INTRODUCTION
Type I diabetes is a major health problem, affecting more than 1.5 million Americans, and advances in therapy for this disease are of interest to both physicians and patients. In the past few years, significant advances have been made in our understanding of the pathogenesis, prevention, and potential cure of this disease. These advances formed the theme of a symposium held at Experimental Biology 2001 in Orlando, Fla, which was sponsored by the American Federation for Medical Research and the Juvenile Diabetes Research Foundation International (JDRF). The symposium opened with Dr Richard Furlanetto of the JDRF introducing the speakers and topics of the session. The session began with Dr George Eisenbarth discussing the pathophysiology of type I diabetes. Dr Dale Greiner then discussed immune tolerance, a potential target for both treatment and possible prevention of this autoimmune disorder. Finally, Drs Mark Atkinson and James Shapiro discussed ongoing trials in prevention and treatment of type 1 diabetes, respectively.
PATHOPHYSIOLOGY
Type I diabetes is an autoimmune disorder. Both genetics and environmental components play a role in the pathogenesis of the disease. The emerging hypothesis about the pathophysiology of type 1 diabetes is that a heterogeneous genetic component and one or more autoantigens interact to trigger the autoimmune process. Ultimately, type 1 diabetes represents a heterogeneous and polygenic disorder, with a few rare examples of monogenic mutations leading to autoimmune diabetes.
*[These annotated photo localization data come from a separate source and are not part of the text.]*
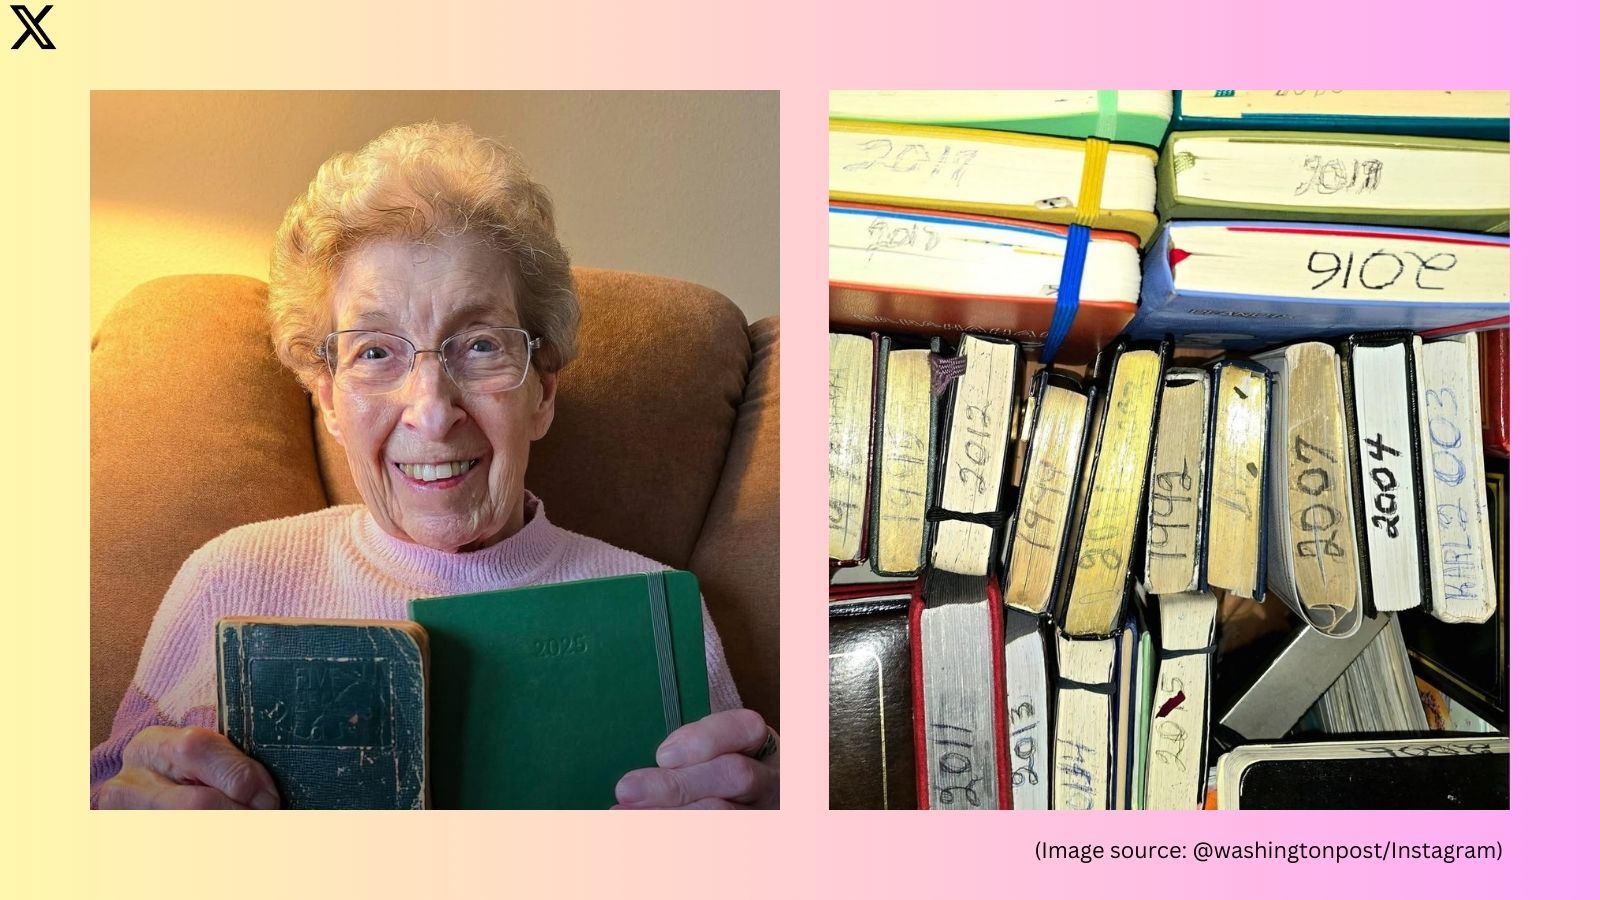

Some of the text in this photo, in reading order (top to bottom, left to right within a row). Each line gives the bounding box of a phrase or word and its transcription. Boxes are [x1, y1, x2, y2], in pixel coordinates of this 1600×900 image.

[957, 401, 994, 495] 2012
[1362, 432, 1402, 539] 2004
[1291, 434, 1346, 559] 2007
[535, 633, 588, 658] 2025
[929, 723, 983, 808] 2011
Early studies in identical twins who develop type I diabetes indicate the heterogeneous nature of this disorder. If the first twin develops type I diabetes after the age of 25 years, then the risk of subsequent development of diabetes in the other twin is less than 5%. However, if the first twin develops type I diabetes before the age of 5 years, the risk for the second twin is very high, approximately 50% to 60%. These data suggest the polygenic nature of this disease and the general difficulty in assessing risk.
In the general population, HLA alleles play a predominant role in determining the risk of type I diabetes. If individuals have the same DR and DQ haplotype, they have a very similar risk for type I diabetes no matter where they live. The frequency varies tremendously in populations; interestingly, some alleles that convey dominant protection are observed.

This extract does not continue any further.